The limitation of this study was the cross-sectional design which allows identifying factors that might be associated with outcome variables; however, the causality cannot be inferred. The results are also potentially affected by an omitted variable bias (OVB) and the methodology choice of dichotomizing the variables to perform the multiple logistic regression. The comparison of the two groups is potentially affected by many variables not included in the analysis, some of them not observable at all. These limitations, however, do not compromise the findings of the study, which is one of the first papers in the literature that compares oldest-old people who have had different living conditions. To better understand the causal relationship between variables, future studies with a longitudinal or control-case design are recommended.

Conclusion

Poor PCS of HRQoL was associated with gender, age group, sleep self-assessment, and falls in the last 12 months among the oldest-old in Brejo dos Santos, a rural and poor city in the Northeastern of Brazil; among the seniors in São Paulo, an urban metropolis, there was the association with the importance of religion for the seniors, cognitive state, number of medications used, and subjective well-being. Regarding the poor MCS of HRQoL, there was a statistically significant association between cognitive state and self-assessment of vision in Brejo dos Santos; in São Paulo, there was no significant association.

Acknowledgments

The authors are very grateful for the health community workers of Brejo dos Santos.

Footnotes

Authors' contributions: JLGSF, TNM, YAOD and SS: study conception, study design, acquisition of data, analysis and interpretation of data, and drafting the manuscript. ROA and JLFS: analysis and interpretation of data. JCLN, JBM, JMMS, RFMS: acquisition of data. MS and MZ: revision of the manuscript. All authors read and approved the final manuscript.

Declaration of Conflicting Interests: The author(s) declared no potential conflicts of interest with respect to the research, authorship, and/or publication of this article.

Funding: The author(s) disclosed receipt of the following financial support for the research, authorship, and/or publication of this article: The current study was funded by Universidade Estadual da Paraíba (PROPESQ) and Fundação de Apoio à Pesquisa do Estado da Paraíba (FAPESQ/CNPq - PPSUS 015/2014); CAPES (INCT 14/50 931-3), Fundação de Amparo à Pesquisa do Estado de São Paulo (FAPESP-CEPID 2013/08 028-1; 1999/05 125, 2005/54 947-2, 2009/53 778-3).

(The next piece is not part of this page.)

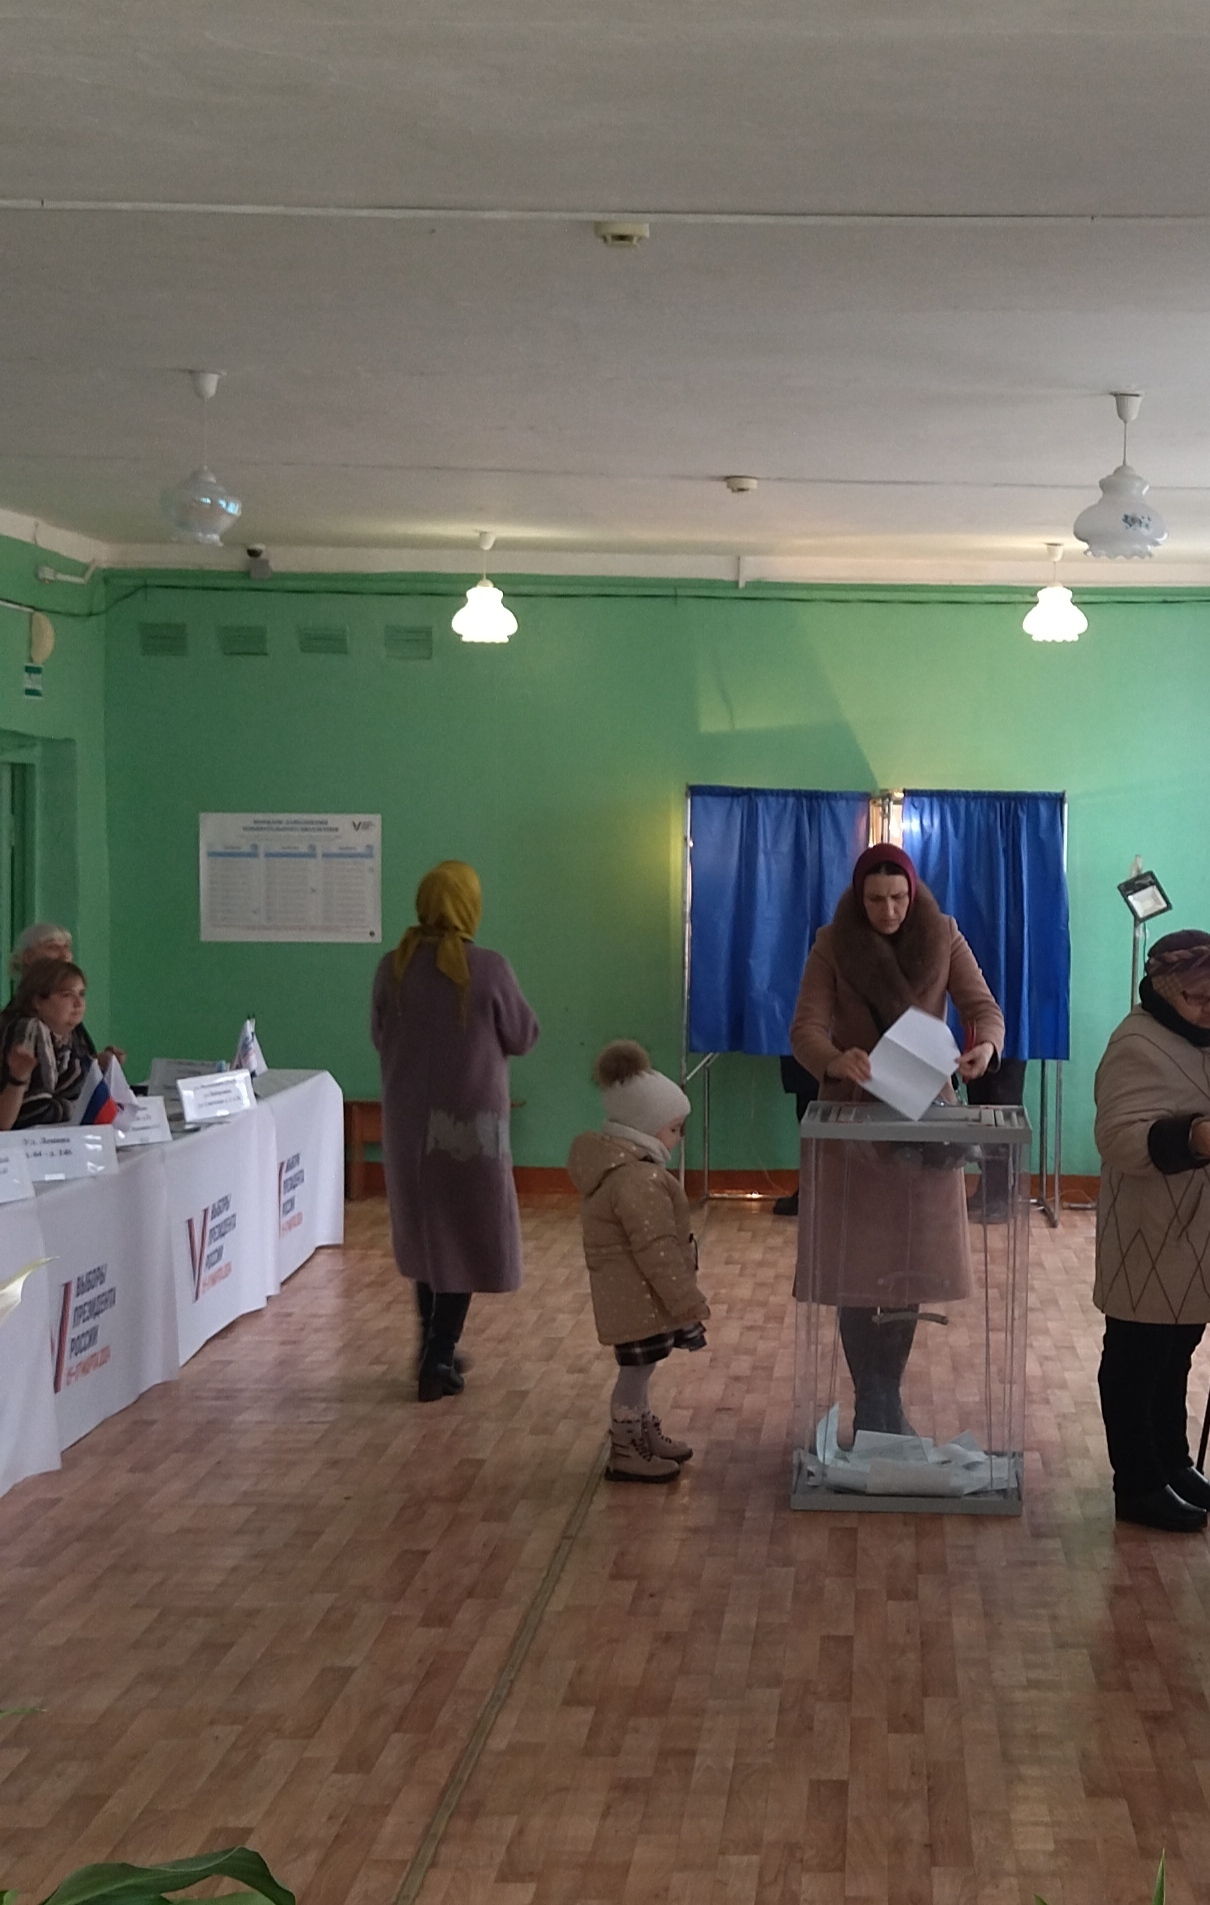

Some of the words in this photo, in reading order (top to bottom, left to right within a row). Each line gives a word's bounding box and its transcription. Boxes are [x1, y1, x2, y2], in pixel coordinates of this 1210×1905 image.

Ethics Approval: This research was approved by the Research Ethics Committee of Paraiba State University (UEPB) under protocol CAAE: 67426017.6.0000.5187 and University of São Paulo (http://www.fsp.usp.br/sabe/), being in accordance with the principles of Resolution 466/12 of the Brazilian National Health Council.

Informed Consent: All participants or their guardians received verbal and written explanations regarding the study procedures, and when they agreed, they signed the informed consent form and institutional declaration of approval. The results were presented to the participants after the conclusion of the study.

Data Availability: The datasets used and/or analyzed during the current study are available from the corresponding author on reasonable request.